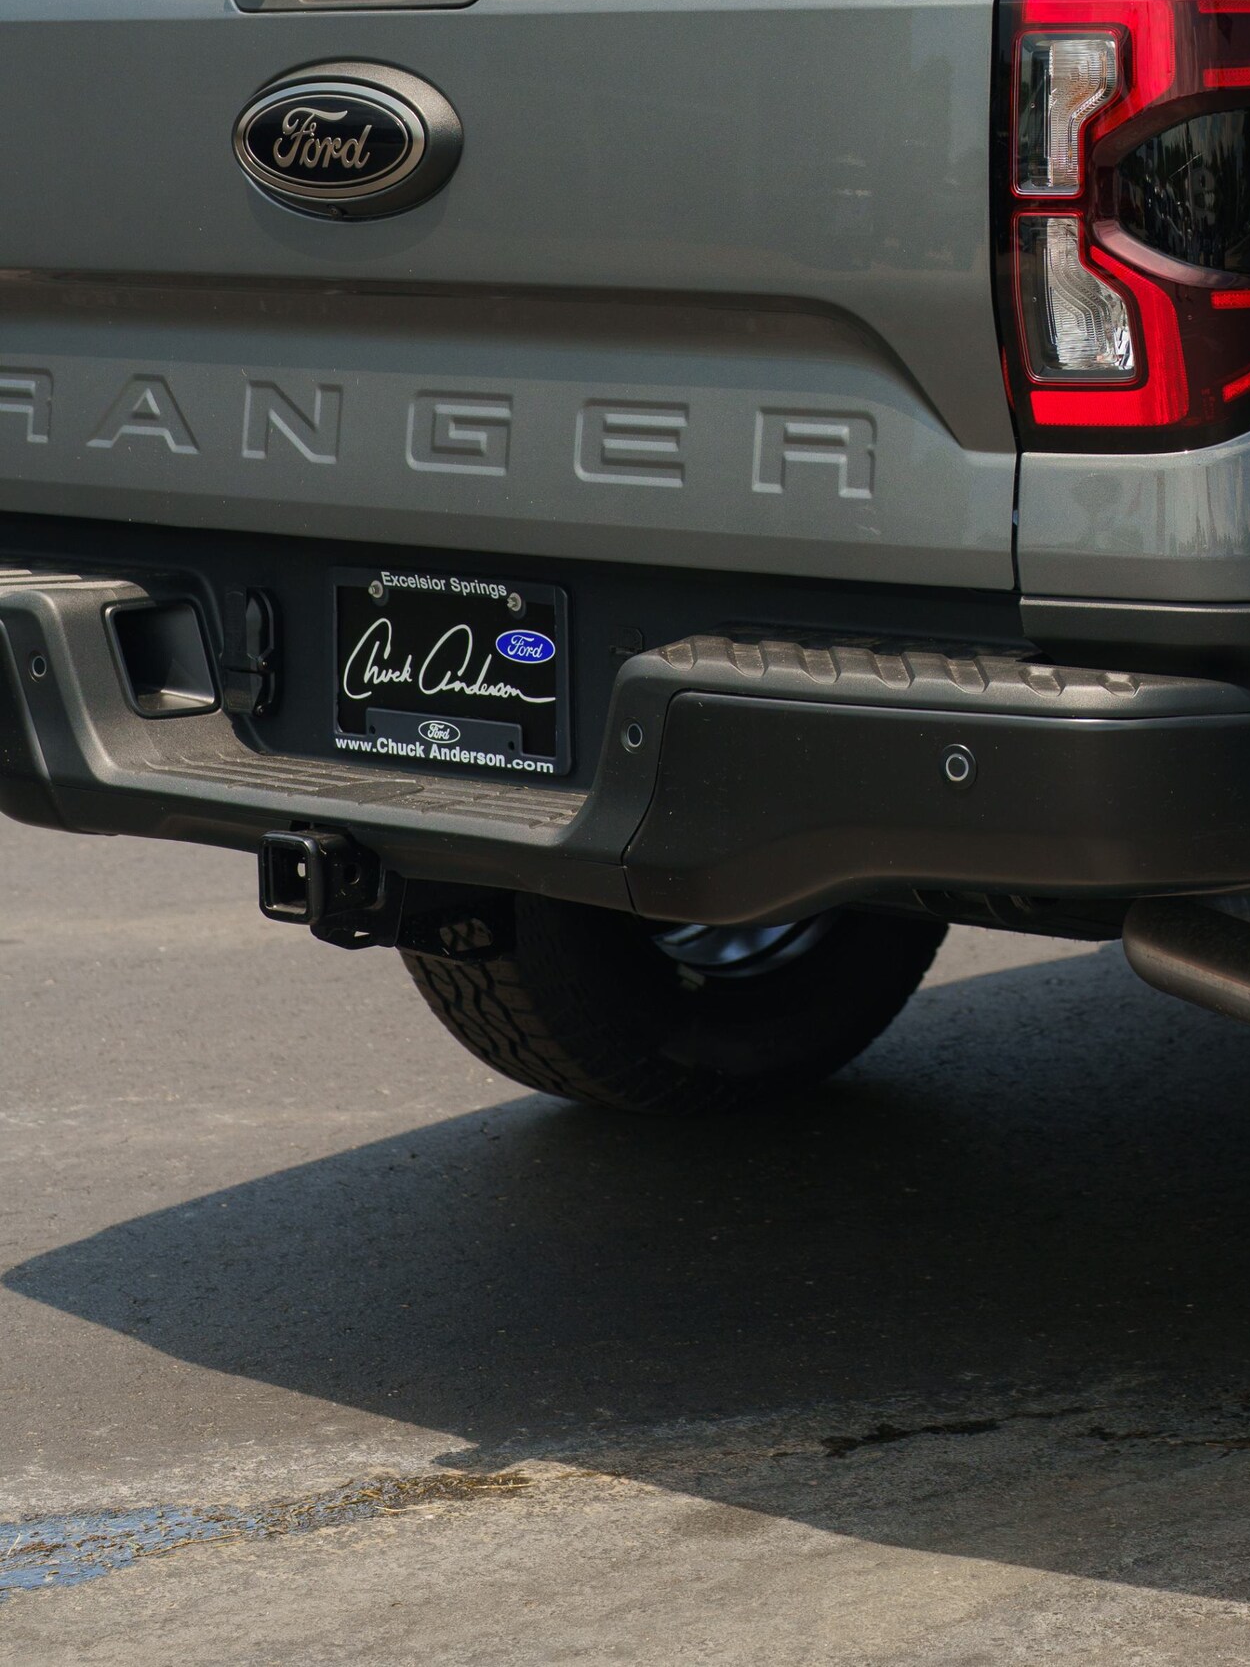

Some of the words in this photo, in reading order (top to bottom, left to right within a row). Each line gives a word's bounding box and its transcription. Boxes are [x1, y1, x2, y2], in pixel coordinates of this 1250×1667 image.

[274, 106, 372, 171] Ford
[381, 571, 446, 591] Excelsior
[450, 577, 507, 599] Springs
[344, 618, 412, 699] Chuck
[419, 624, 556, 703] Anderson
[507, 634, 543, 659] Ford
[427, 723, 450, 739] Ford
[429, 743, 554, 773] Anderson.com
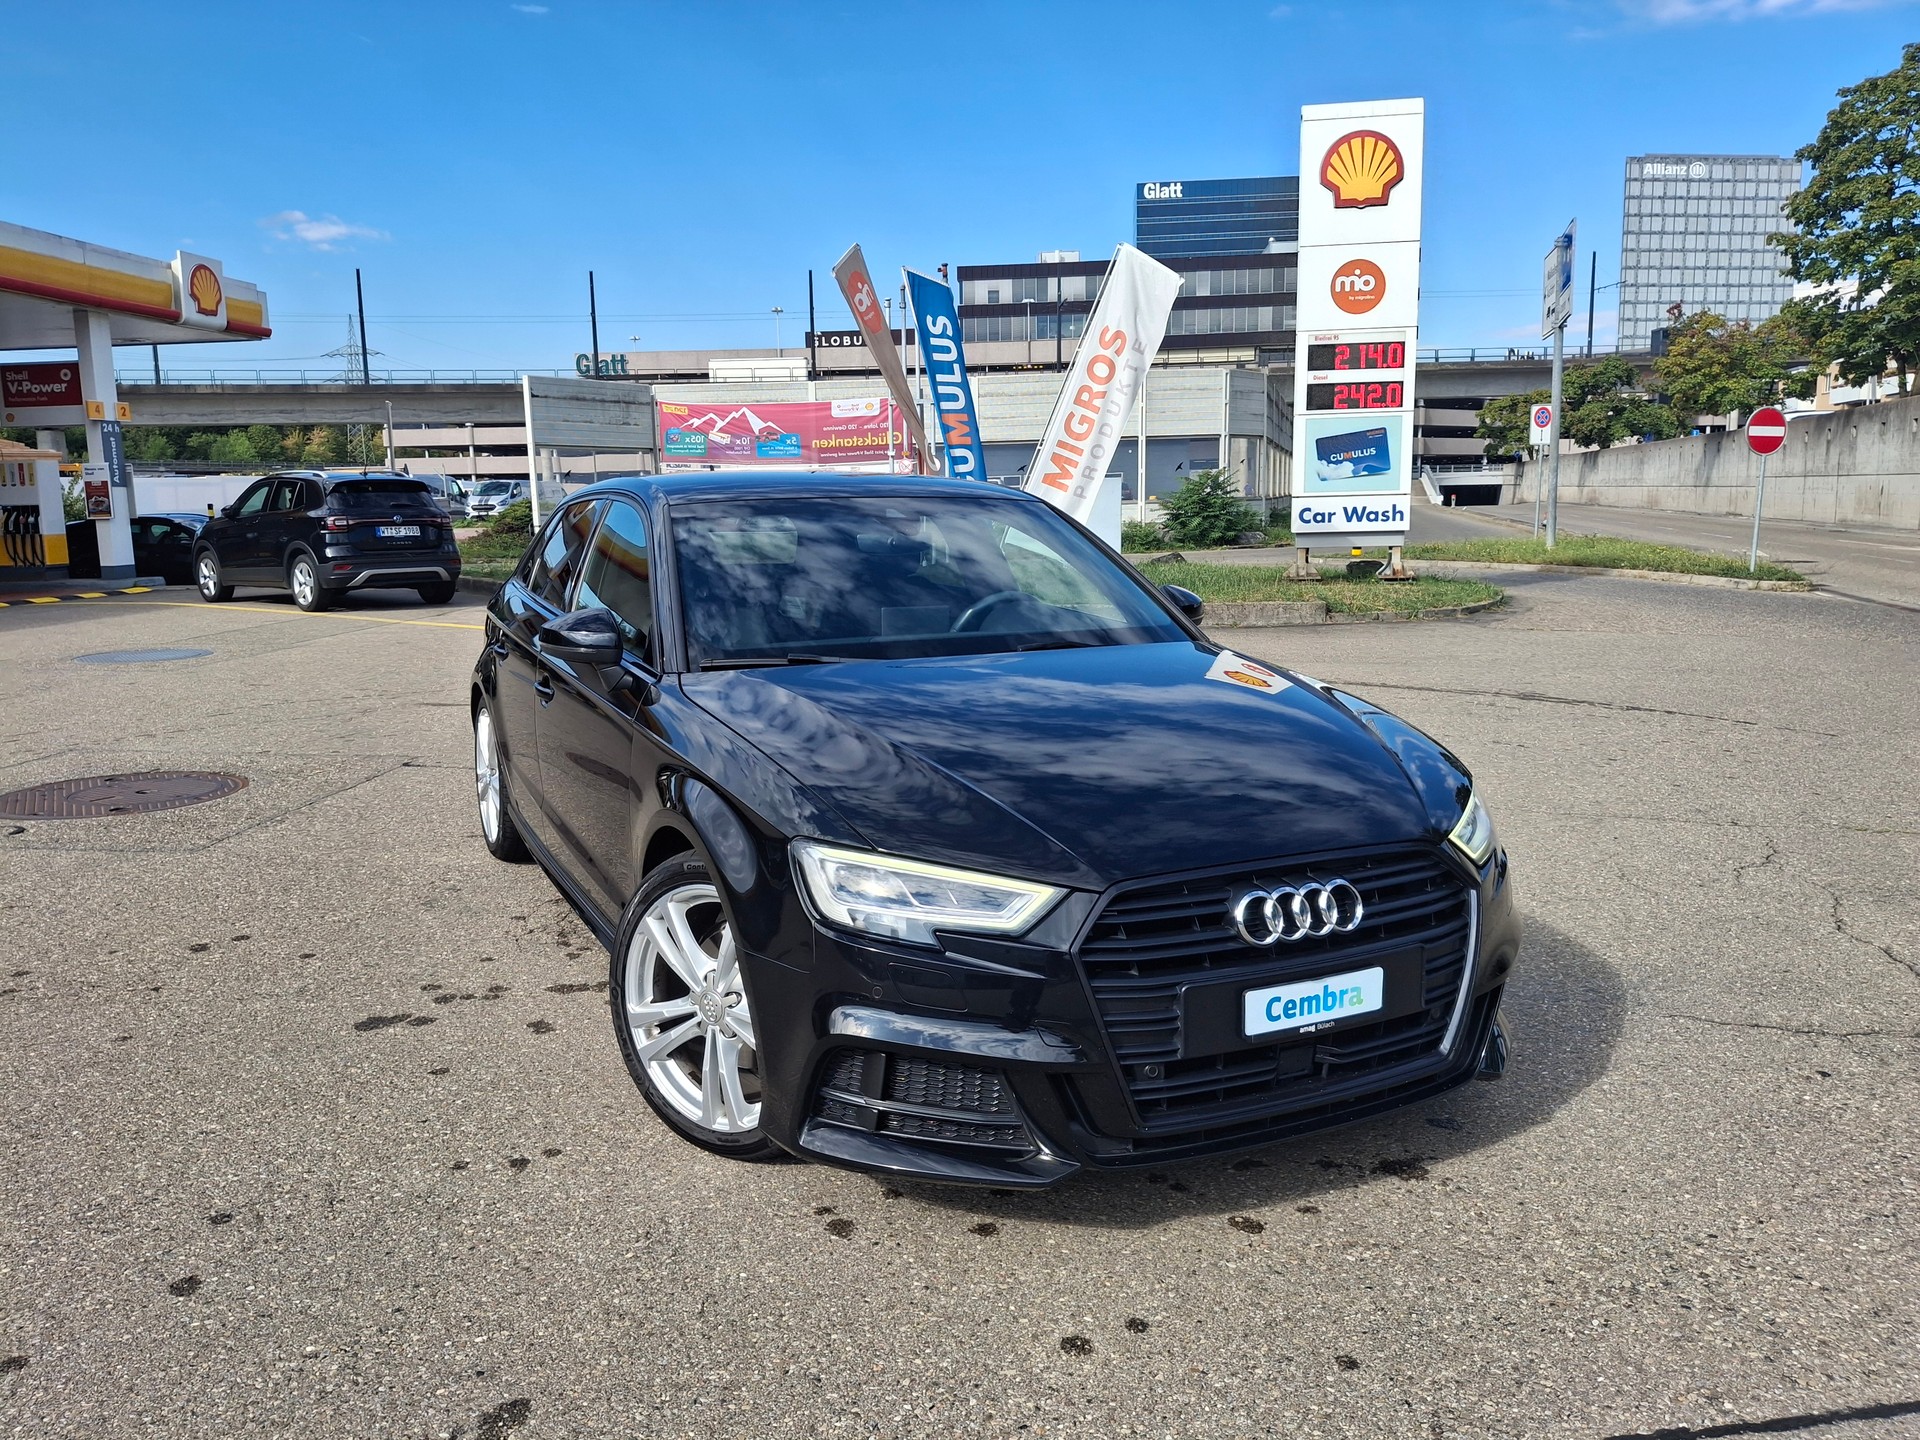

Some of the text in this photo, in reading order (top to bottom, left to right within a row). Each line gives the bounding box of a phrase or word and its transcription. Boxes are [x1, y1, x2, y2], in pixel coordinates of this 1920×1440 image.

[1643, 163, 1687, 175] Allianz
[1143, 182, 1183, 199] Glatt
[1335, 268, 1376, 293] mio
[814, 335, 863, 347] LOBU
[1335, 343, 1403, 370] 214.0
[6, 371, 28, 381] Shell
[7, 382, 67, 394] V-Power
[1333, 383, 1402, 409] 242.0
[94, 405, 101, 415] 4
[120, 406, 127, 416] 2
[1041, 325, 1128, 493] MIGROS
[1073, 337, 1148, 500] PRODUKTE
[103, 423, 120, 432] 24 h
[110, 437, 120, 483] Automat
[1330, 447, 1376, 462] CUMULUS
[1298, 504, 1404, 524] Car Wash
[1265, 985, 1363, 1022] Cembra
[1300, 1021, 1335, 1033] amag Bülach
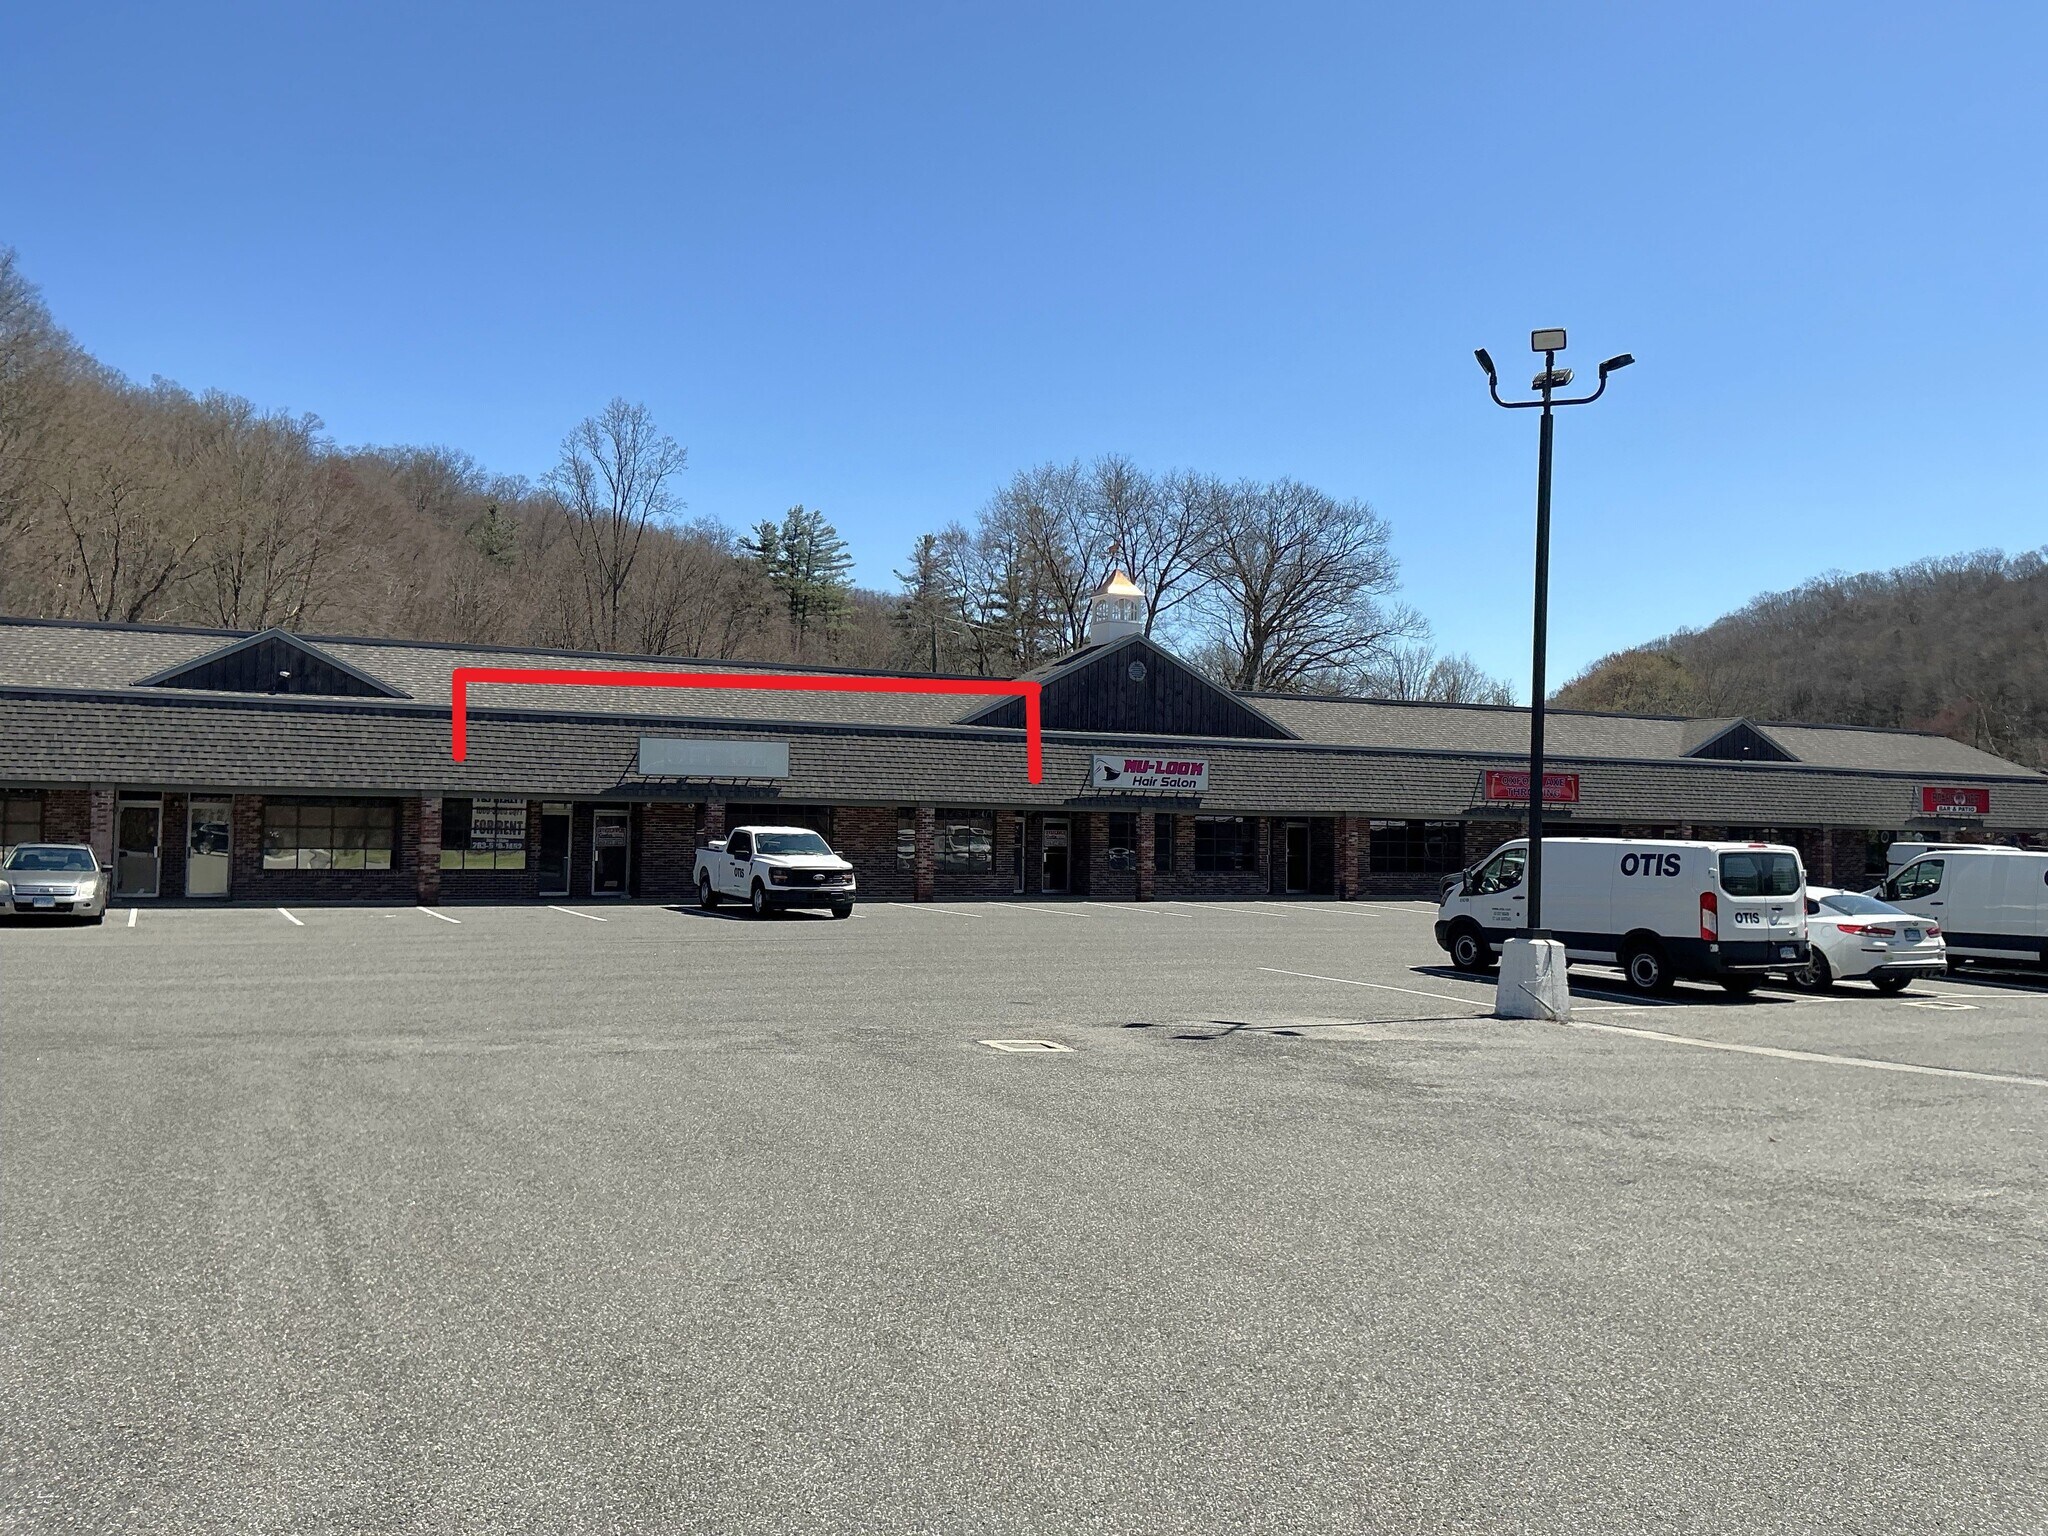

:: Action item ::
Repeat word for word, leaving out the pictures, each line of the records from the line that holds "Some of the text" through the final one.

:: Answer to the exercise ::
Some of the text in this photo, in reading order (top to bottom, left to right within a row). Each line gives the bounding box of a phrase or word and its transcription. Boxes are [x1, y1, x2, y2], in pixel coordinates of this 1920×1440 image.

[1643, 163, 1687, 175] Allianz
[1143, 182, 1183, 199] Glatt
[1335, 268, 1376, 293] mio
[814, 335, 863, 347] LOBU
[1335, 343, 1403, 370] 214.0
[6, 371, 28, 381] Shell
[7, 382, 67, 394] V-Power
[1333, 383, 1402, 409] 242.0
[94, 405, 101, 415] 4
[120, 406, 127, 416] 2
[1041, 325, 1128, 493] MIGROS
[1073, 337, 1148, 500] PRODUKTE
[103, 423, 120, 432] 24 h
[110, 437, 120, 483] Automat
[1330, 447, 1376, 462] CUMULUS
[1298, 504, 1404, 524] Car Wash
[1265, 985, 1363, 1022] Cembra
[1300, 1021, 1335, 1033] amag Bülach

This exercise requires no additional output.